Su espectáculo, por momentos “dulce y divertido” y en otros “aterradoramente trágico”, es, apostilla, “un llamamiento a las nuevas generaciones, un aviso de que hay que tener cuidado con las sirenas del fascismo”.

“El fascismo da miedo pero es más frágil de lo que parece. La izquierda no debe centrarse solo en lo intelectual, eso de ser solidario y todo eso, sino también aludir a lo instintivo. Hay que volver a ser visceral. Ahora ser de izquierdas es ser feminista y hay que volver a encontrar los instintos del hombre”, defiende este “antifascista de toda la vida”.

Siempre tuvo ganas de ponerse “en las botas” de un personaje con el que comparte cierto parecido físico y cuando lo hizo —estrenó la obra en Portugal hace dos semanas— sintió, ironiza, que era capaz de “gobernar un imperio” y enloquecer a una multitud con sus discursos.

“Quiero que el público vea a Mussolini en mí. Que mi respiración sea la de él. Quiero sorprender al espectador, hacerle vibrar sin traicionar al personaje. Quizá cuando se estrene en Italia, en febrero, alguien me acuse de apología pero yo no creo que lo sea”, defiende.

En su espectáculo, de hora y media, plantea que Mussolini ha sufrido una especie de “descarga” que le ha devuelto a la vida en los tiempos actuales y desde ahí propone una revisión de temas como el activismo de Greta Thunberg o el feminismo.

Además analiza su relación con el poder, “cómo le utilizaron, cómo lo utilizó y cómo se deshicieron de él”, relata el italiano, que admite que quizá, tras indagar tanto sobre su vida, haya una “cierta indulgencia” para algunas de sus actuaciones.
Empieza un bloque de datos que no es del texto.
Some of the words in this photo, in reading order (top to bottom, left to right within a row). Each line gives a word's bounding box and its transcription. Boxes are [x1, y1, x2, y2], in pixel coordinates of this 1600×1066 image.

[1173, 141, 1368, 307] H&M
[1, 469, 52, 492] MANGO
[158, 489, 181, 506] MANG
“Era muy listo, con la inteligencia de los campesinos. Fue capaz de relacionarse con arquitectos, pintores, con la vanguardia artística, a diferencia de Hitler, al que llamaba ‘el maricón del norte’”.

Franco, “un paleto”

Franco, argumenta, era “simple”, “un paleto” que defendía a los caciques, a los conservadores y a la Iglesia más conservadora, mientras que Mussolini era “complejo”, “listo y oportunista”, sin miedo a rodearse de vanguardistas, de artistas.

Mussolini, que debía su nombre de pila al héroe de la revolución mexicana Benito Juárez, era “muy violento”, en esa idea del ‘súper hombre’ de Nietzsche: “Necesita la muerte y las guerras porque cree que esa es la forma de regenerar al pueblo”, explica.
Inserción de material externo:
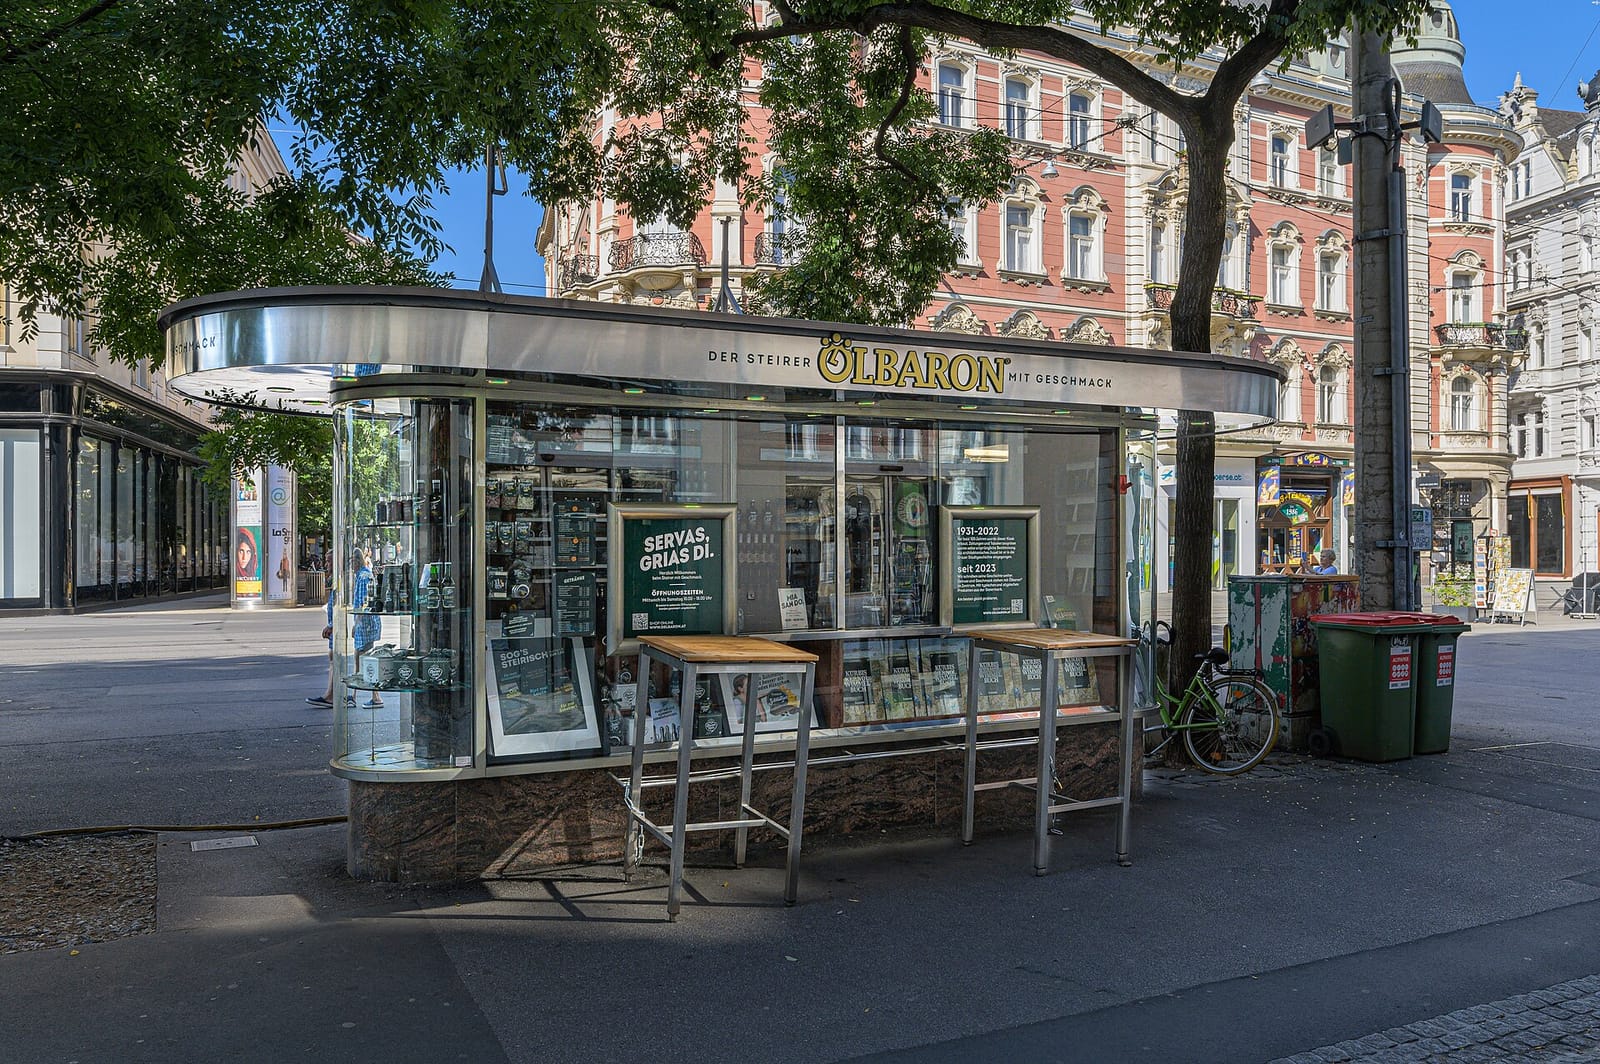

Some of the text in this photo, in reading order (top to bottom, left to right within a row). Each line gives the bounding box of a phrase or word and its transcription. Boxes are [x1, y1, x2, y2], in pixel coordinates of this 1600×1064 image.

[708, 350, 739, 364] DER
[747, 352, 812, 368] STEIRER
[1008, 372, 1031, 384] MIT
[1036, 374, 1112, 388] GESCHMACK
[957, 526, 999, 535] 1931-2022
[644, 526, 710, 553] SERVAS,
[640, 548, 690, 571] GRIAS
[957, 564, 996, 573] seit 2023
[500, 648, 529, 661] SOG'S
[501, 652, 549, 668] STEIRISCH
Bassi aplaude la decisión de desenterrar los restos de Francisco Franco y trasladarlos a otro lugar porque mantenerlo en el Valle de los Caídos, ese lugar “post barroco, de un kitsch raro”, era “impresentable para la democracia”.

“El Valle de los Caídos es un buen antídoto contra el fascismo: cómo puede haber alguien que se tome tan en serio que necesita ese sitio para que le entierren y estar rodeado de otros 45.000 cadáveres”, se pregunta.